Try it
Output the complete listing exactly, please, and keep the pictures out of it.

↓

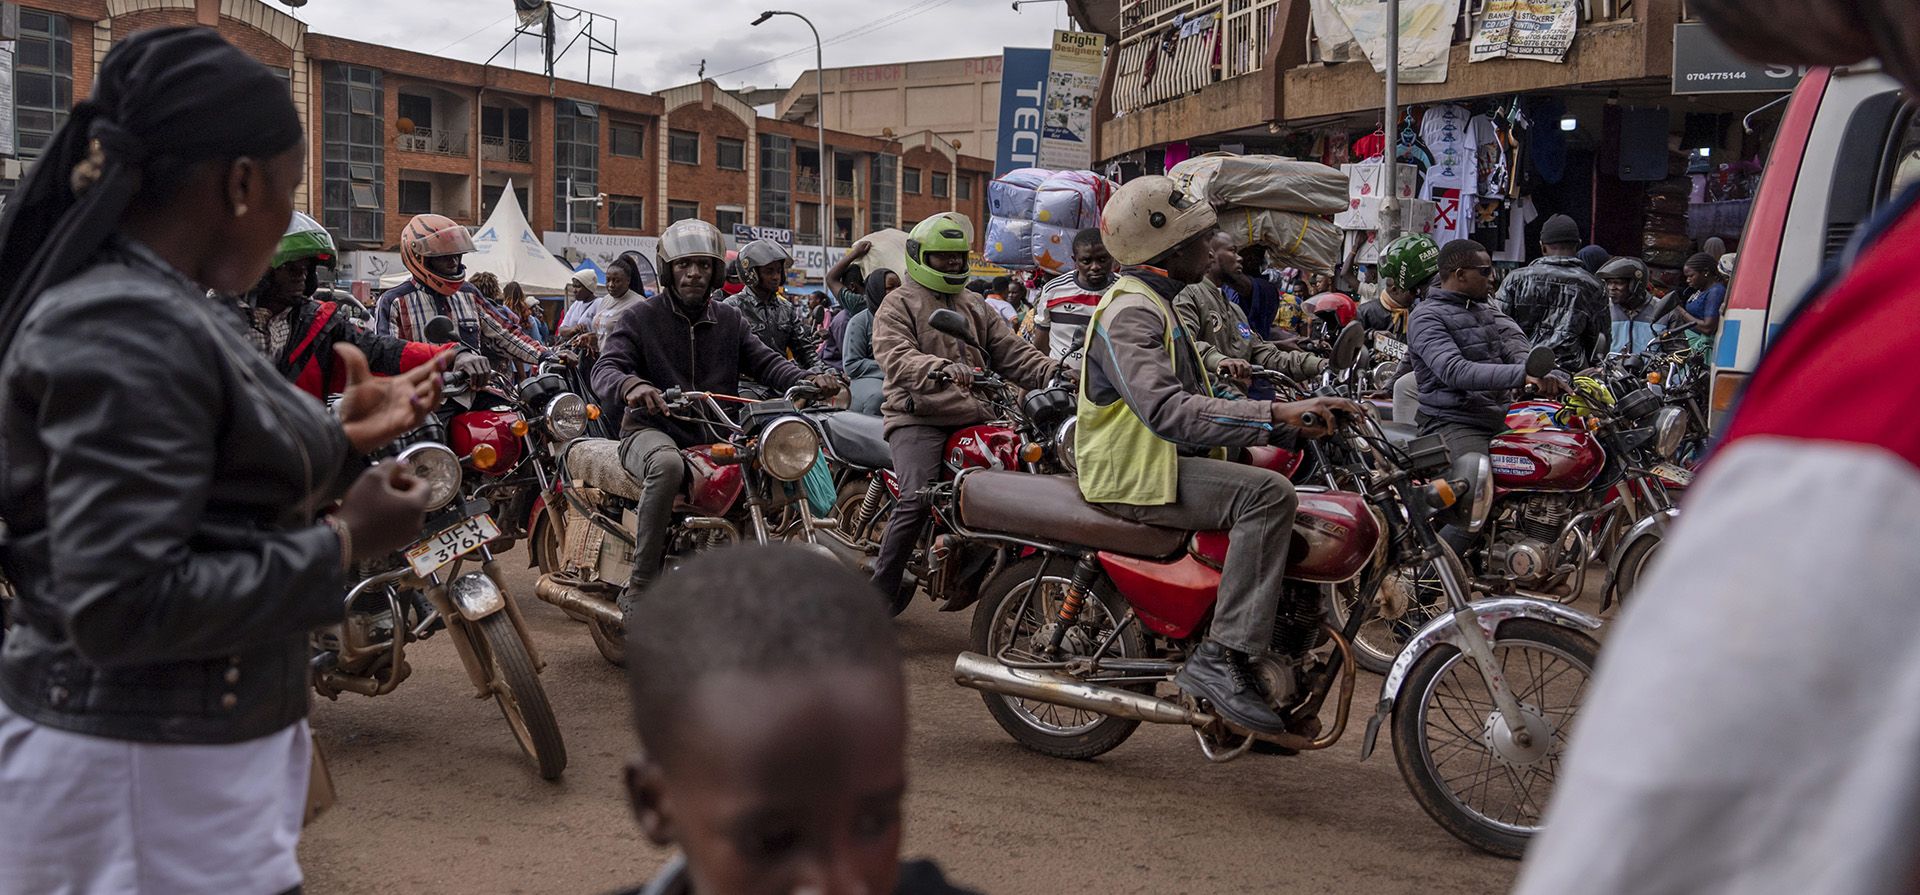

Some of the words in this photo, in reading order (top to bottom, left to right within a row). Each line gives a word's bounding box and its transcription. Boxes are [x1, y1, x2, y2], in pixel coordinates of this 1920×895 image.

[1522, 13, 1555, 22] STICKERS
[1062, 33, 1097, 47] Bright
[1054, 43, 1101, 56] Designers
[851, 65, 900, 82] FRENCH
[1686, 72, 1747, 80] 0704775144
[750, 226, 790, 243] SLEEPLO
[1387, 338, 1405, 352] UGE
[958, 437, 974, 445] TVS
[439, 519, 480, 545] UFW
[435, 530, 488, 562] 376X
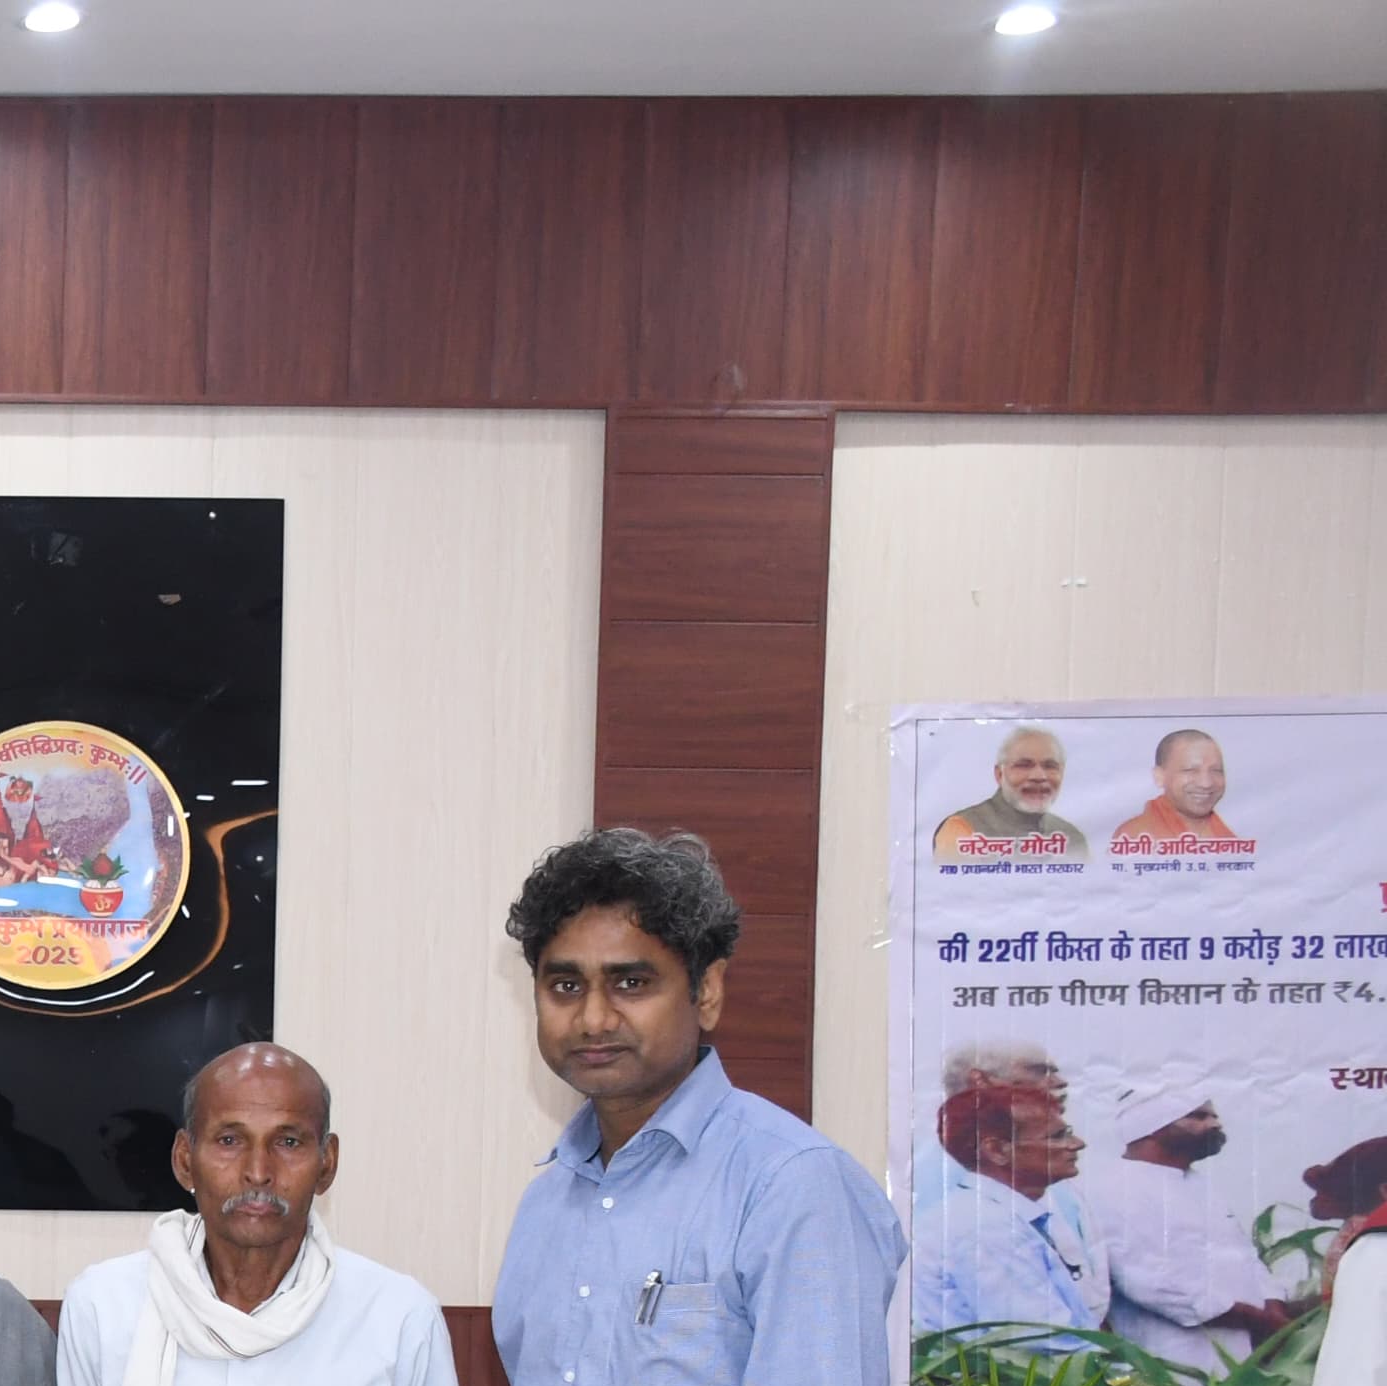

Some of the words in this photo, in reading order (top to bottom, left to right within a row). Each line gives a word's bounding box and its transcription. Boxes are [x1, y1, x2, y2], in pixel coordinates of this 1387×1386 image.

[958, 834, 1014, 856] नरेन्द्र
[1020, 833, 1066, 854] मोदी
[1110, 834, 1151, 855] योगी
[1157, 834, 1256, 855] आदित्यनाथ
[1046, 863, 1084, 874] सरकार
[1216, 861, 1255, 872] सरकार
[50, 917, 149, 940] प्रयागराज
[16, 946, 83, 966] 2025
[937, 932, 970, 963] की
[1046, 931, 1103, 962] किस्त
[1109, 930, 1134, 961] के
[1139, 937, 1191, 961] तहत
[1199, 936, 1214, 960] 9
[1222, 928, 1282, 966] करोड़
[1291, 935, 1324, 959] 32
[952, 986, 999, 1007] अब
[1006, 985, 1053, 1007] तक
[1059, 979, 1129, 1006] पीएम
[1137, 978, 1226, 1005] किसान
[1232, 977, 1261, 1004] के
[1267, 982, 1325, 1004] तहत
[1329, 1067, 1387, 1090] स्था

↑

Finished exercise
Some of the words in this photo, in reading order (top to bottom, left to right within a row). Each line gives a word's bounding box and its transcription. Boxes are [x1, y1, x2, y2], in pixel coordinates of this 1920×895 image.

[1522, 13, 1555, 22] STICKERS
[1062, 33, 1097, 47] Bright
[1054, 43, 1101, 56] Designers
[851, 65, 900, 82] FRENCH
[1686, 72, 1747, 80] 0704775144
[750, 226, 790, 243] SLEEPLO
[1387, 338, 1405, 352] UGE
[958, 437, 974, 445] TVS
[439, 519, 480, 545] UFW
[435, 530, 488, 562] 376X

Some of the words in this photo, in reading order (top to bottom, left to right within a row). Each line gives a word's bounding box and its transcription. Boxes are [x1, y1, x2, y2], in pixel coordinates of this 1387×1386 image.

[958, 834, 1014, 856] नरेन्द्र
[1020, 833, 1066, 854] मोदी
[1110, 834, 1151, 855] योगी
[1157, 834, 1256, 855] आदित्यनाथ
[1046, 863, 1084, 874] सरकार
[1216, 861, 1255, 872] सरकार
[50, 917, 149, 940] प्रयागराज
[16, 946, 83, 966] 2025
[937, 932, 970, 963] की
[1046, 931, 1103, 962] किस्त
[1109, 930, 1134, 961] के
[1139, 937, 1191, 961] तहत
[1199, 936, 1214, 960] 9
[1222, 928, 1282, 966] करोड़
[1291, 935, 1324, 959] 32
[952, 986, 999, 1007] अब
[1006, 985, 1053, 1007] तक
[1059, 979, 1129, 1006] पीएम
[1137, 978, 1226, 1005] किसान
[1232, 977, 1261, 1004] के
[1267, 982, 1325, 1004] तहत
[1329, 1067, 1387, 1090] स्था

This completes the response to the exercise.